RECORD EXTRACTS =
◇ ◇ ◇

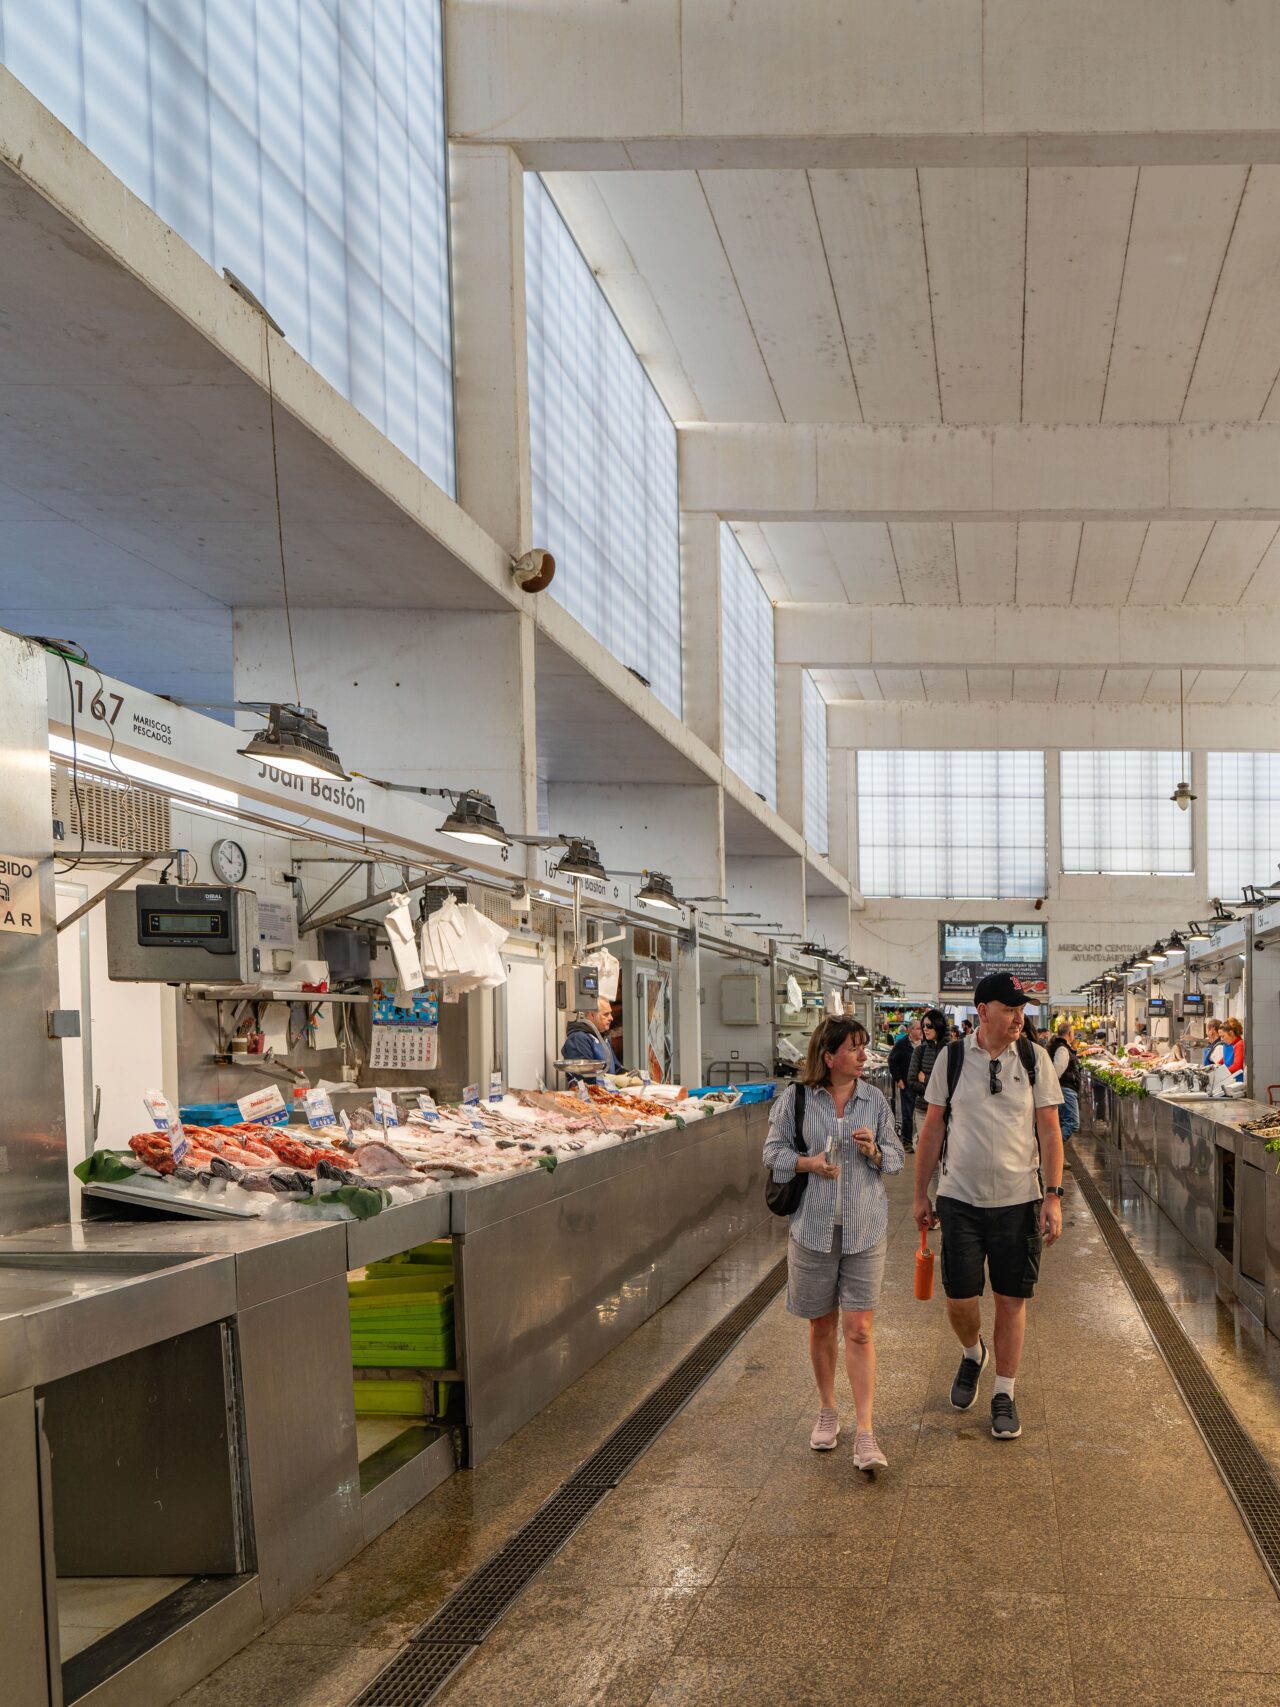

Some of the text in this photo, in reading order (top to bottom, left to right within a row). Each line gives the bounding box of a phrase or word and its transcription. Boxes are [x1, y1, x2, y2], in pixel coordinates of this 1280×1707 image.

[74, 679, 124, 725] 167
[132, 713, 172, 734] MARISCOS
[132, 724, 172, 745] PESCADOS
[258, 763, 365, 813] Juan Bastón
[1058, 943, 1103, 952] MERCADO
[1105, 943, 1142, 952] CENTRAL
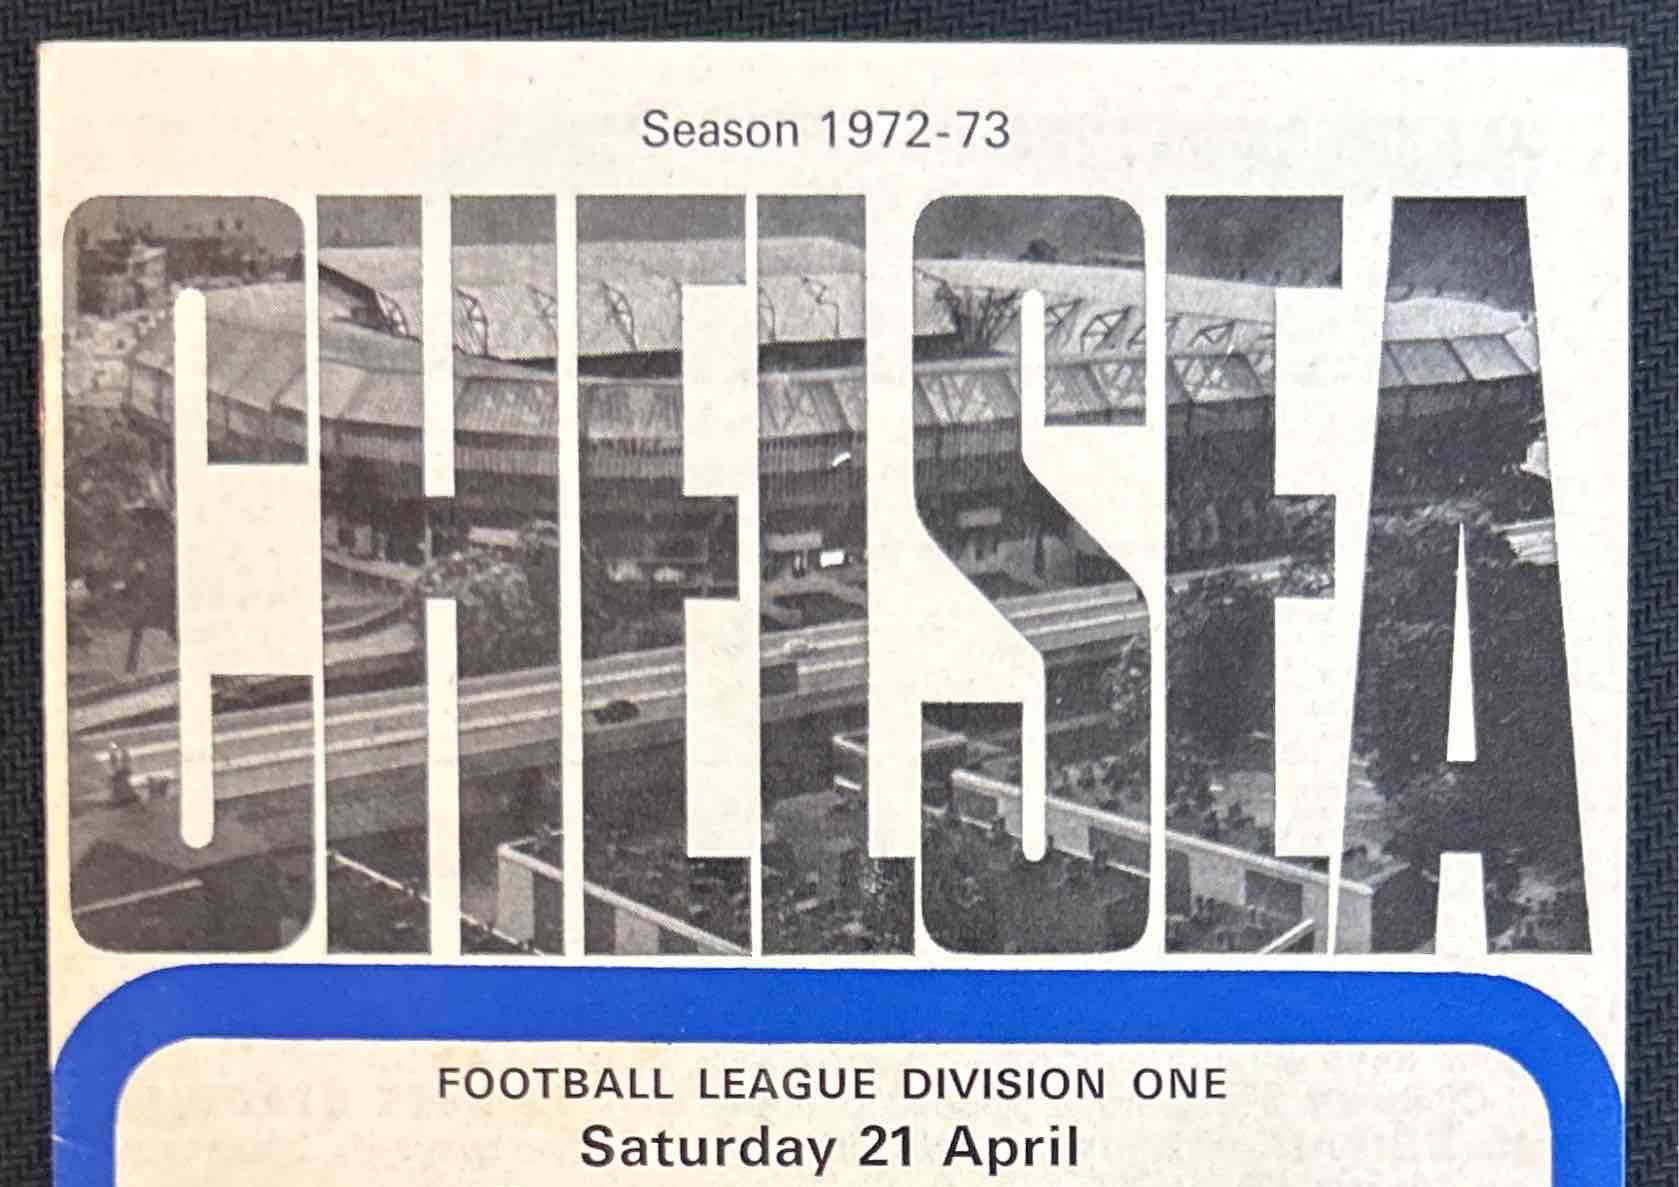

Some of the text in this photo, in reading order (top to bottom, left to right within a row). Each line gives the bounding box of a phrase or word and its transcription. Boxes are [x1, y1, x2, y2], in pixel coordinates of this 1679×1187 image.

◇ ◇ ◇

TASK = Write the records out again exactly; none of the pictures belong in the copy.

REPLY TO THE EXERCISE =
Some of the text in this photo, in reading order (top to bottom, left to right within a row). Each line gives the bounding box of a phrase or word and its transcription. Boxes are [x1, y1, x2, y2], in pixel coordinates of this 1280×1707 image.

[74, 679, 124, 725] 167
[132, 713, 172, 734] MARISCOS
[132, 724, 172, 745] PESCADOS
[258, 763, 365, 813] Juan Bastón
[1058, 943, 1103, 952] MERCADO
[1105, 943, 1142, 952] CENTRAL

Some of the text in this photo, in reading order (top to bottom, left to right within a row). Each line gives the bounding box of a phrase or word and its transcription. Boxes are [x1, y1, x2, y2], in pixel coordinates of this 1679×1187 image.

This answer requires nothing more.